The point of my dirty flag approach is that you're saving an overall state. Either you save me and the room before I drop the 100 potions (in which case after the crash I'll have 100 potions, and there will be none on the floor) or you save me and the room after I drop the 100 potions (in which case after the crash I'll have no potions, but there will be 100 on the floor). Regardless of when the crash occurs, there will still be 100 potions.
Out of curiosity, how does your system handle crashes that occur during the saving of "dirty" data?
Lol. Next time I'll remember the sarcasm tags. I'd really recommend this thread have a disclaimer that informs people to NOT take anything Rarva says with any kind of seriousness. Actually, can that just be a site wide disclaimer?
Out of curiosity, how does your system handle crashes that occur during the saving of "dirty" data?
A fair point. I was thinking more in the context of players deliberately causing crashes, but if you wanted to handle mid-save crashes as well I suppose you could save everything into a temporary directory and then move the files after you've successfully saved them all.
27 Jul, 2011, Rarva.Riendf wrote in the 66th comment:
This is baffling… the notion that making your code safe is a waste of time because you'll fix all bugs ahead of time is simply unrealistic at best and foolish, shortsighted at worse.
It really depends on quite a few things. Definition of "making your code safe", for example… My MUD is at the stage where there are no "unsafe" bugs, just those funny, inconvenient, unrealistic, etc. Therefore, concentrating on fixing causes of crashes is making my code safe, while adding another system (storing objects in a database, or unique ID system, or anything else) may add more complexity (thus, bugs) than safety. And, even if implemented flawlessly, it wouldn't bring too much safety to my MUD, where duplicated items - while unexpected - are completely harmless.
In my case, it would indeed be a waste of time to implement anything with purpose of preventing item duplication. But I'm not foolish enough or shortsighted enough to claim that my case is the only case in the world.
27 Jul, 2011, David Haley wrote in the 68th comment:
Votes: 0
Not sure what your point is. Code safety isn't a terribly complicated concept: it means having basic safeguards in place in the case of crashes. It means fixing root causes of bugs. It means fixing bugs in general. Code safety is more than just item duplication…
I thought by saying "making your code safe" you had "implementing an item duplication prevention" in your mind. My point was that not everyone needs it, for some people it would be a waste of time.
I thought by saying "making your code safe" you had "implementing an item duplication prevention" in your mind. My point was that not everyone needs it, for some people it would be a waste of time.

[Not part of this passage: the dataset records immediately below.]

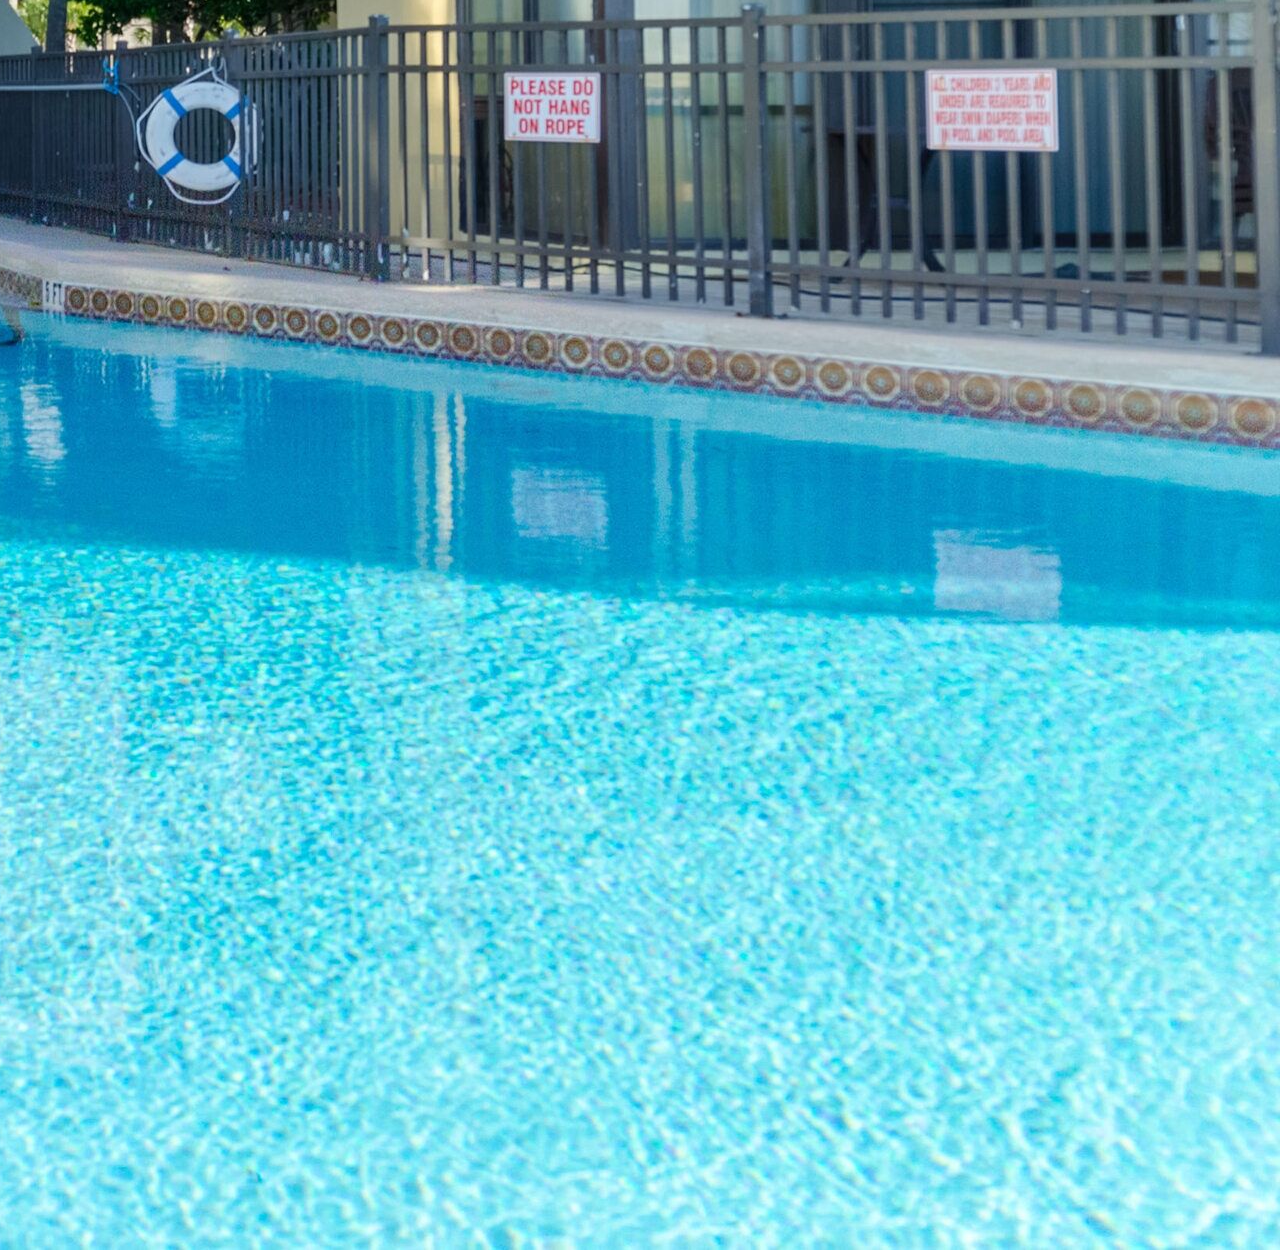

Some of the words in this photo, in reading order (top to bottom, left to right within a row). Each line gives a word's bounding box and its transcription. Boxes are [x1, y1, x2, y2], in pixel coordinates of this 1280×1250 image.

[510, 80, 566, 96] PLEASE
[573, 80, 593, 96] DO
[950, 77, 992, 91] CHILDREN
[1002, 77, 1031, 91] YEARS
[513, 99, 543, 115] NOT
[549, 99, 590, 115] HANG
[970, 95, 987, 108] ARE
[989, 95, 1030, 108] REQUIRED
[1034, 95, 1046, 108] TO
[934, 111, 957, 125] WEAR
[519, 118, 538, 134] ON
[545, 118, 585, 134] ROPE

The problem isn't really item duplication. It's a serious problem associated with state rewind. But make no mistake, the problem is state rewind. Given the state in the game which interacts with each other is all as it should be at time X. If you introduce state from X-t for some parts of the game, while the rest is still time X, then without a doubt you're going to introduce errors that transcend item duplication. What if your game doesn't have items? Does that means state rewind is fine? Not at all. It's just as bad if you have state at all that must be consistent.
We need examples, so: Do you have gold? Quest points? Do you have anything transferable? Slot machines? Poker? Any time of risk/reward at all? Do you have abilities with only a chance to activate? Do you have quests with rewards that should be only obtained once? Do you have a fortune cookie mechanic where players can spin a wheel for a random daily reward? Maybe boosted experience? Do you have anything that can only be done once per amount of time? Do you have consequences for dying? Do you have rewards for killing? Do you have punishments such as revoking chat privs?
I don't know if you have any of these things, but I hope imagination could get us from here to there as to why a mud admin might have a little stake in ensuring state-rewind will not happen for *any* structure, including players.
I don't mean to be off topic with this but really? this thread is teh lulz. I do some dumb shit when I'm drunk but I don't think that is the case here. lol
By that, I mean Rarva or whatever talking teh shizzzzzzzzzzz.
Seriously, this information is so misleading it borders on trolling.
Please.
P.S. When will there be a mudbytes ignore option?